Eliza Dushku as Faith is equal parts Ava Gardner and Joan Jett, a dangerous, swaggering, sex bomb with enough magnetism to swallow the screen whenever she walks into a scene. The swaggering bit can be a little stiff at times, which actually suits the character, who is largely performing as she attempts to reconcile her unbridled nature with a sense of ethics that she vaguely feels but seldom acts on. Her impulsivity is a pure rush, both to the audience and to Buffy, who cannot resist letting loose with her – until they run afoul of human law, first after being caught in a wild B&E, and then after Faith accidentally kills Fitch, who may have been coming to tip them off about the Ascension.

The fall of Faith had already been in the making, but it really moves here, as she cannot reconcile her hedonism with personal responsibility. Buffy always tilts in the other direction, hence the schism that never fully gets bridged (despite some approximation in s7). This is a splendid Faith-centric episode, but it also introduces Wesley into the mix. It’s odd to see him here as such a foppish windbag after knowing the astonishing character arc he’ll undergo in Angel, and he registers for me mostly as a comic foil to an exasperated Giles. Oh, Wes, the places you’ll go!

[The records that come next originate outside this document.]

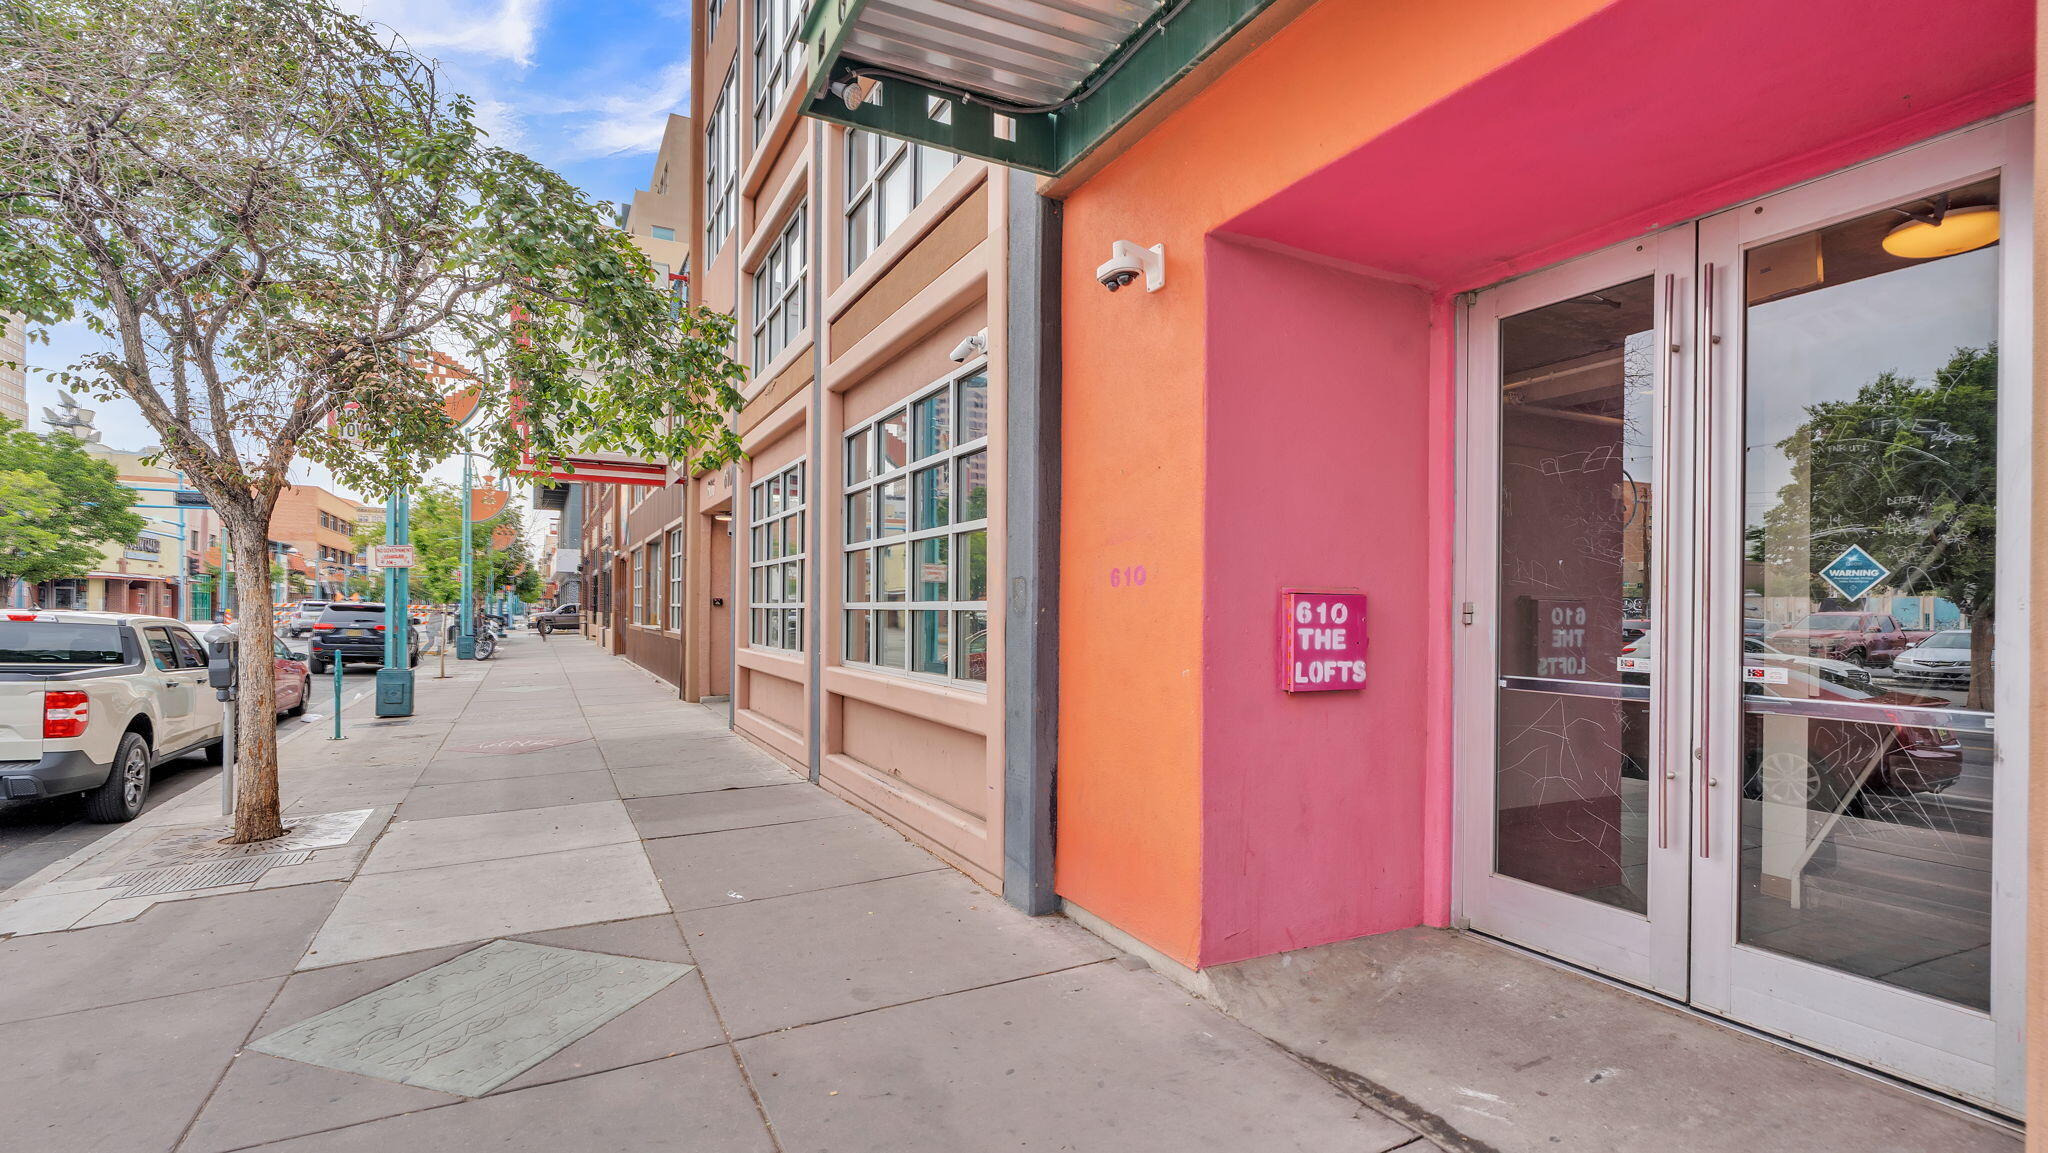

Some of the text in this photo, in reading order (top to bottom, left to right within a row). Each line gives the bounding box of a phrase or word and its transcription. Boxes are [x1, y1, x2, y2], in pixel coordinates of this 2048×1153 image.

[1110, 566, 1147, 587] 610
[1829, 569, 1879, 577] WARNING
[1296, 601, 1348, 624] 610
[1297, 628, 1346, 650] THE
[1295, 660, 1366, 683] LOFTS
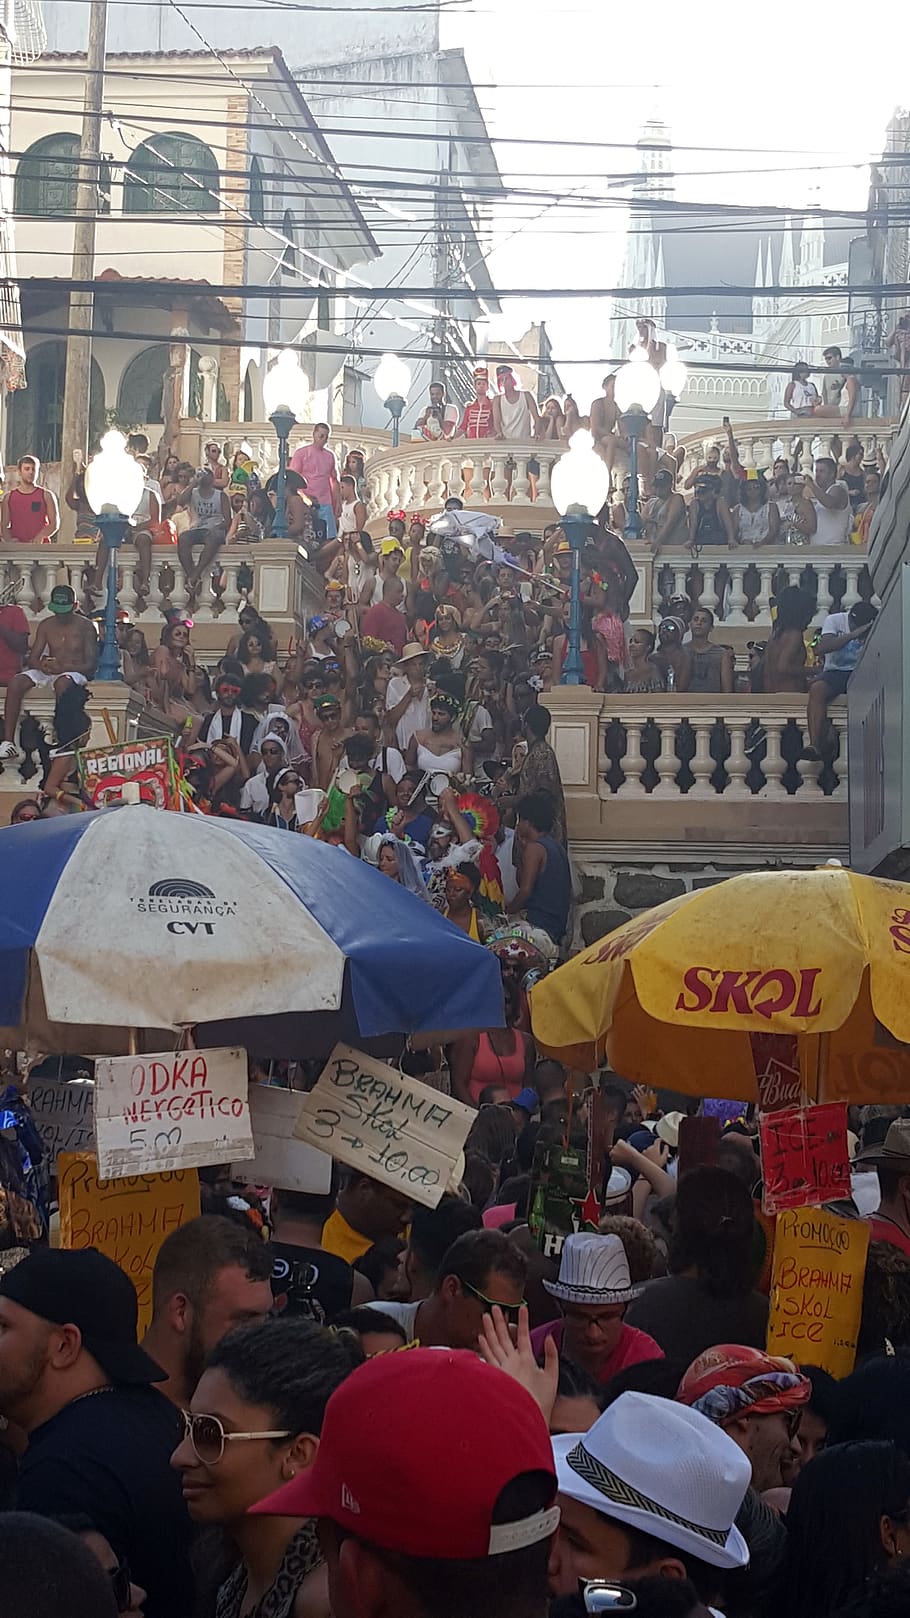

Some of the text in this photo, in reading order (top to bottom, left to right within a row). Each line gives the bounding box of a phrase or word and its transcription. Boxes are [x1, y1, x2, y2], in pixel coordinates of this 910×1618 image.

The episode also wins points for especially snappy dialogue as well as one of the greatest demonic creations the Buffyverse has ever known: Balthazar. Basking in a presumably fetid tub with his horrifyingly obese body continuously ladled with water by his minions, he’s like a nightmare version of the Fantastic Four’s The Thing gone to full flab – or as Buffy comments, “in desperate need of a Stairmaster.” Perpetually incensed to the edge of self-implosion, he reminds me of Melissa McCarthy’s take on Sean Spicer, and he makes the most of his limited screen time, even getting one of best Buffyverse last words, with a cryptic and terrifying admonition about the Ascension, tying the other thread of this episode, the Mayor’s nefarious scheming and his attainment of invincibility. Not a moment in Bad Girls gets wasted as it sets all conflicts and machinations into full speed toward Graduation Day.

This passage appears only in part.